Top of TASK MATERIAL

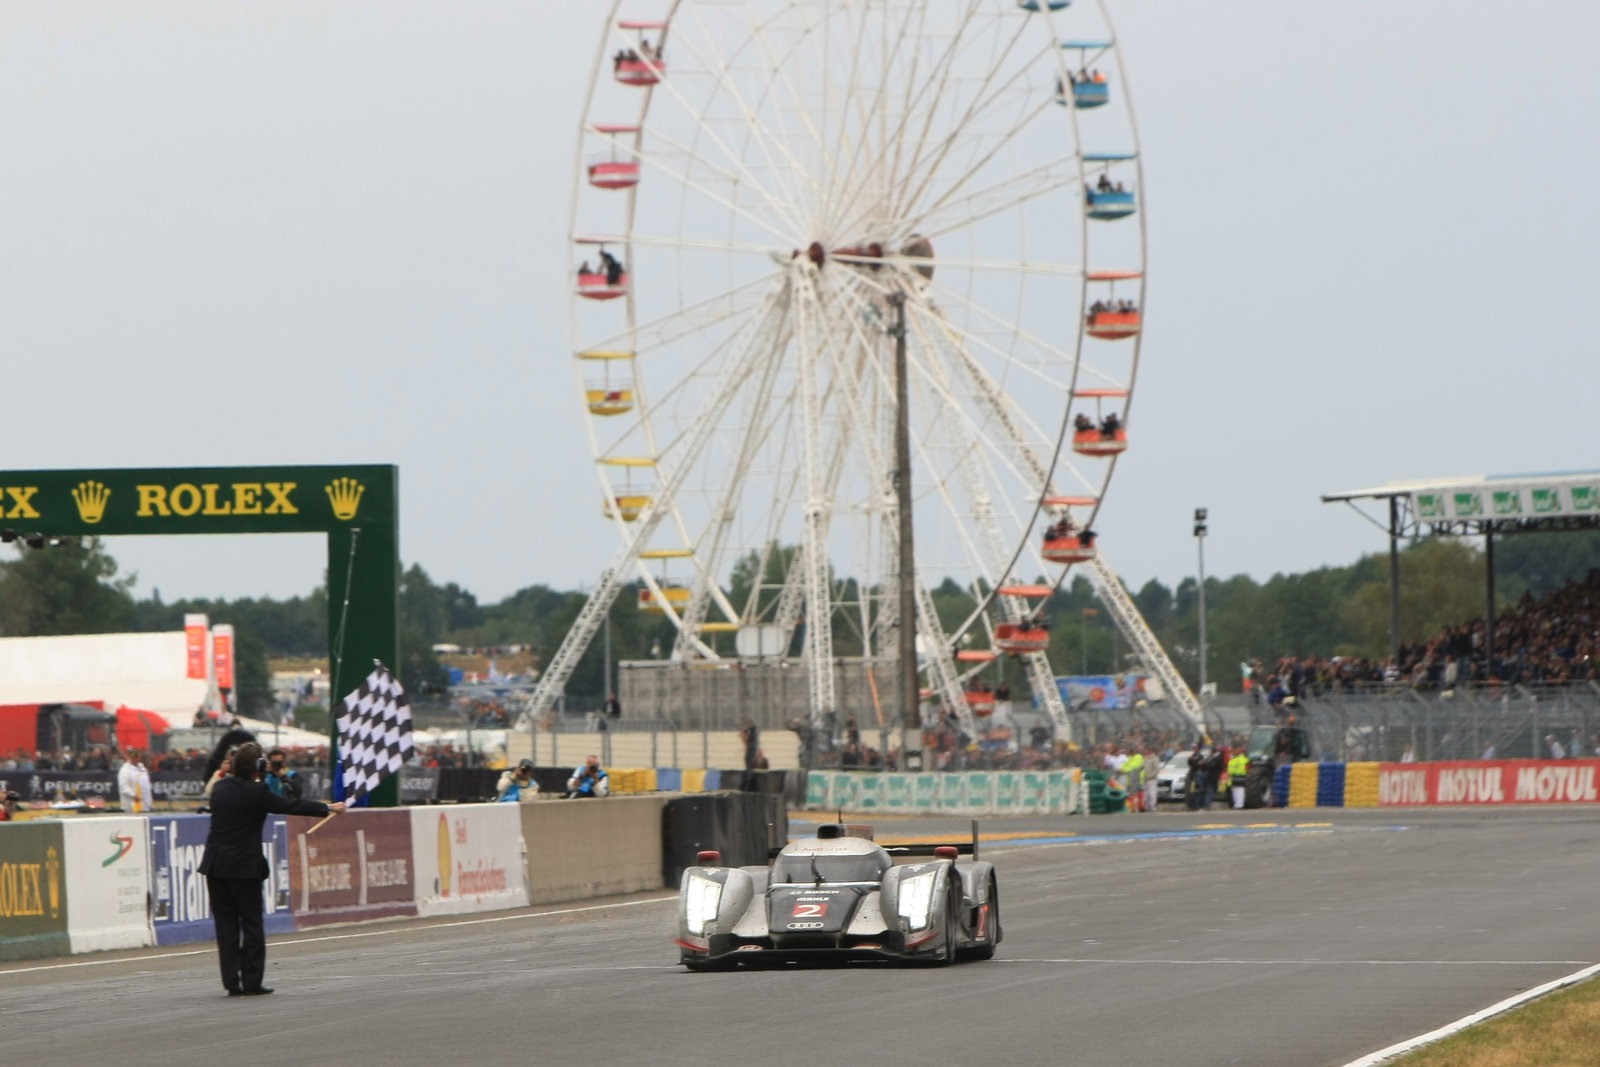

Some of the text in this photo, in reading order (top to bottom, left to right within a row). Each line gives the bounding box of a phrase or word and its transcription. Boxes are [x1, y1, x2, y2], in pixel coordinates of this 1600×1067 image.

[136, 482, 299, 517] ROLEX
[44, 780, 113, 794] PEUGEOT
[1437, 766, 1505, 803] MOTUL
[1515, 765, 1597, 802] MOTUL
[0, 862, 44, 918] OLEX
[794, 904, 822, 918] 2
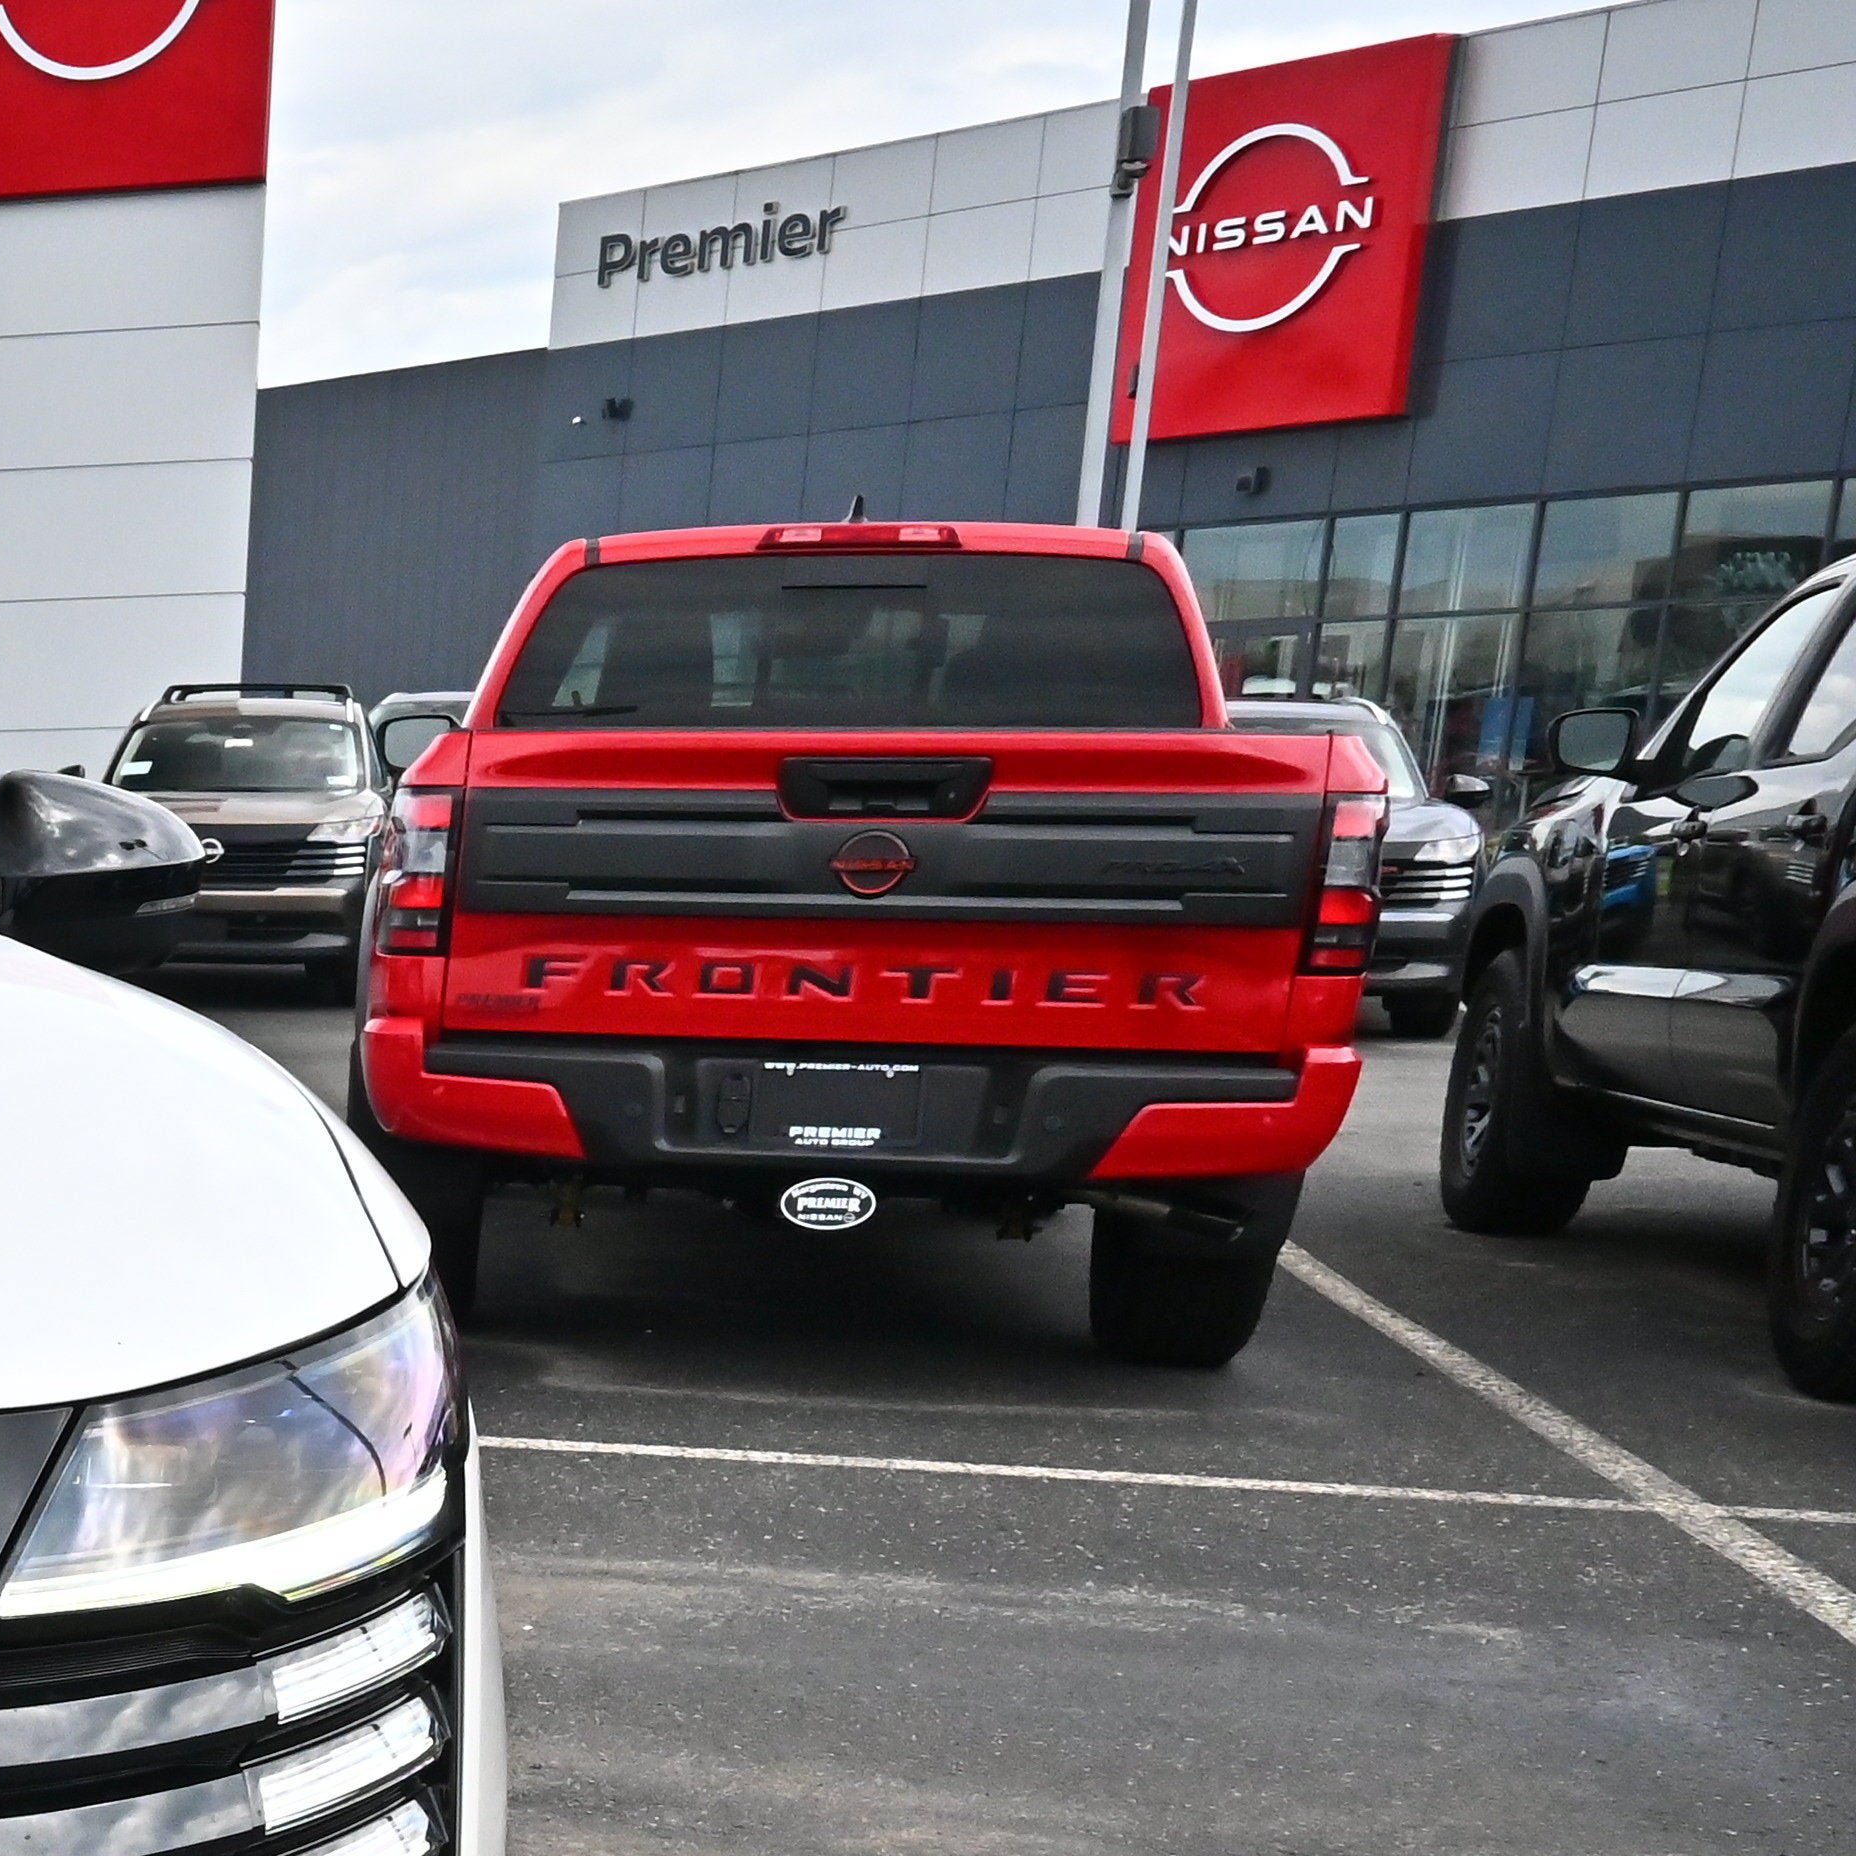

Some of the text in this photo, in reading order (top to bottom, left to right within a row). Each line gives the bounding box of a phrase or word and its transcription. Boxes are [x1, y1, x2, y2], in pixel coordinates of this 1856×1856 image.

Bottom of TASK MATERIAL

PROBLEM STATEMENT =
Without the pictures, restate all of the entries above verbatim.

RESPONSE AREA =
Some of the text in this photo, in reading order (top to bottom, left to right within a row). Each line gives the bounding box of a phrase or word and its transcription. Boxes are [x1, y1, x2, y2], in pixel coordinates of this 1600×1067 image.

[136, 482, 299, 517] ROLEX
[44, 780, 113, 794] PEUGEOT
[1437, 766, 1505, 803] MOTUL
[1515, 765, 1597, 802] MOTUL
[0, 862, 44, 918] OLEX
[794, 904, 822, 918] 2

Some of the text in this photo, in reading order (top to bottom, left to right within a row). Each line gives the bounding box of a phrase or word and its transcription. Boxes are [x1, y1, x2, y2], in pixel coordinates of this 1856×1856 image.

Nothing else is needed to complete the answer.